Se os tempos são sombrios, há mais razões ainda para se falar de amor. Mergulhados numa espécie de senso comum nos direcionando a absorver uma realidade contaminada pela dor e a morte, esquecemos da persistência marcante dos bons sentimentos. Empenhemos todas as forças para nutrir o que nos devolve a possibilidade de seguir em frente criando, rindo, semeando contentamento. Estamos provisoriamente paralisados diante desse drama. A melancolia se alonga, alimentando o trágico. Passamos a ver apenas o que nos rouba as claras manhãs de alegria. Agregado a isso, pode-se dizer: épocas narcísicas quanto a nossa estão longe de criar o cenário ideal para a proliferação de afetos envoltos em generosidade. O Eu passou a ter primazia absoluta, ator principal de um monólogo flertando claramente com a patologia. No entanto, há sempre alguma fresta por onde nos esgueirar em busca de ar e luz. Cada um deve criar dentro de si um código de sobrevivência. Testemunhar a guerra não significa render-se a ela.

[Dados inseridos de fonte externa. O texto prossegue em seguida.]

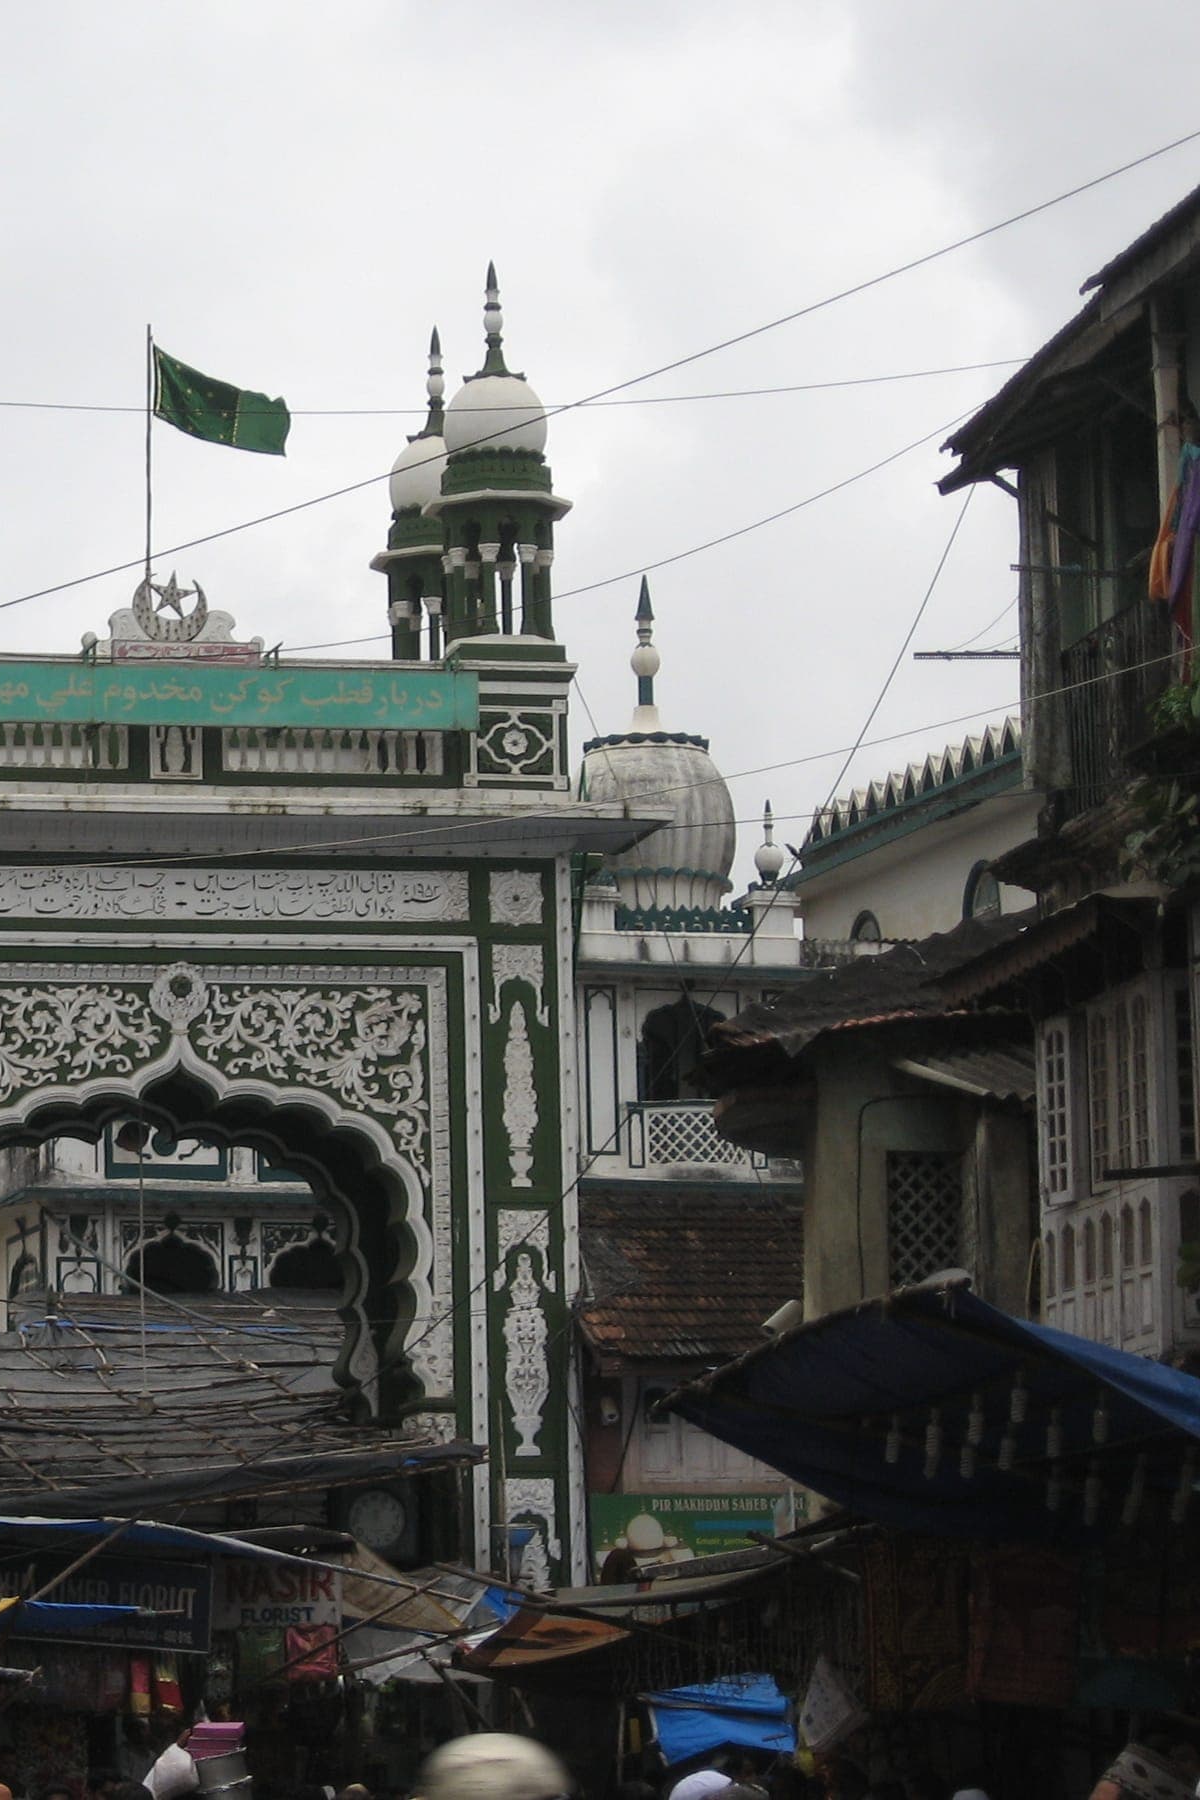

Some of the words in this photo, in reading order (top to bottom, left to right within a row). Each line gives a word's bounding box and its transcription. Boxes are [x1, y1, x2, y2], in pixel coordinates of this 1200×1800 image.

[103, 675, 203, 711] مخدوم
[300, 678, 373, 712] قطب
[651, 1498, 672, 1512] PIR
[673, 1498, 730, 1512] MAKHDUM
[731, 1497, 768, 1511] SAHEB
[224, 1565, 337, 1603] NASIR
[239, 1605, 315, 1624] FLORIST

Tento permanecer em vigília poética e afetiva. Ao encontrar amigos, reforço o que neles me atrai e aprecio. Procuro suspender o senso crítico ou atenuá-lo ao máximo. Se me valer de lupas a toda hora, a palavra cumplicidade desaparece dos meus relacionamentos. Relaxo e me deixo encantar com as qualidades e as transformo em admiração. Se por enquanto é necessário evitar os abraços, nada nos impede de estreitar simbolicamente em nosso peito os seres amados. Lembre da força do olhar, pois ele gera calor humano em igual proporção.
E ando absorto em busca de poesia. Pequenas porções diárias são remédio infalível contra a vontade de desistência ou a instauração do desânimo. Posso começar o dia com o lirismo de Quintana (“Se as coisas são inatingíveis... Ora/ Não é motivo para não querê-las.../Que tristes os caminhos se não fora/ A presença distante das estrelas”); clarear as horas com a doçura de Cecília Meireles (“No mistério do sem fim equilibra-se um planeta./ E, no planeta, um jardim, e no jardim, um canteiro; no canteiro uma violeta, e, sobre ela, o dia inteiro,/ entre o planeta e o sem-fim, a asa de uma borboleta”). Avança a tarde e recebo a visita encantada de Adélia Prado (“Meu Deus, me dê cinco anos. Me dá a mão, me cura de ser grande!”). E quando a noite desce com seu manto, é sobre o amor que quero ouvir, na voz de Manuel Bandeira (“As almas são incomunicáveis. /Deixa o teu corpo entender-se com outro corpo./ Porque os corpos se entendem, mas as almas não.”).
Se a vida é breve, tão breve, evitemos o contato com pessoas de coração endurecido, dando abrigo ao que as incomoda – faca de lâmina enferrujada machucando a pele. Convocaremos todos para inaugurar a aurora a qualquer momento, sem prévio aviso.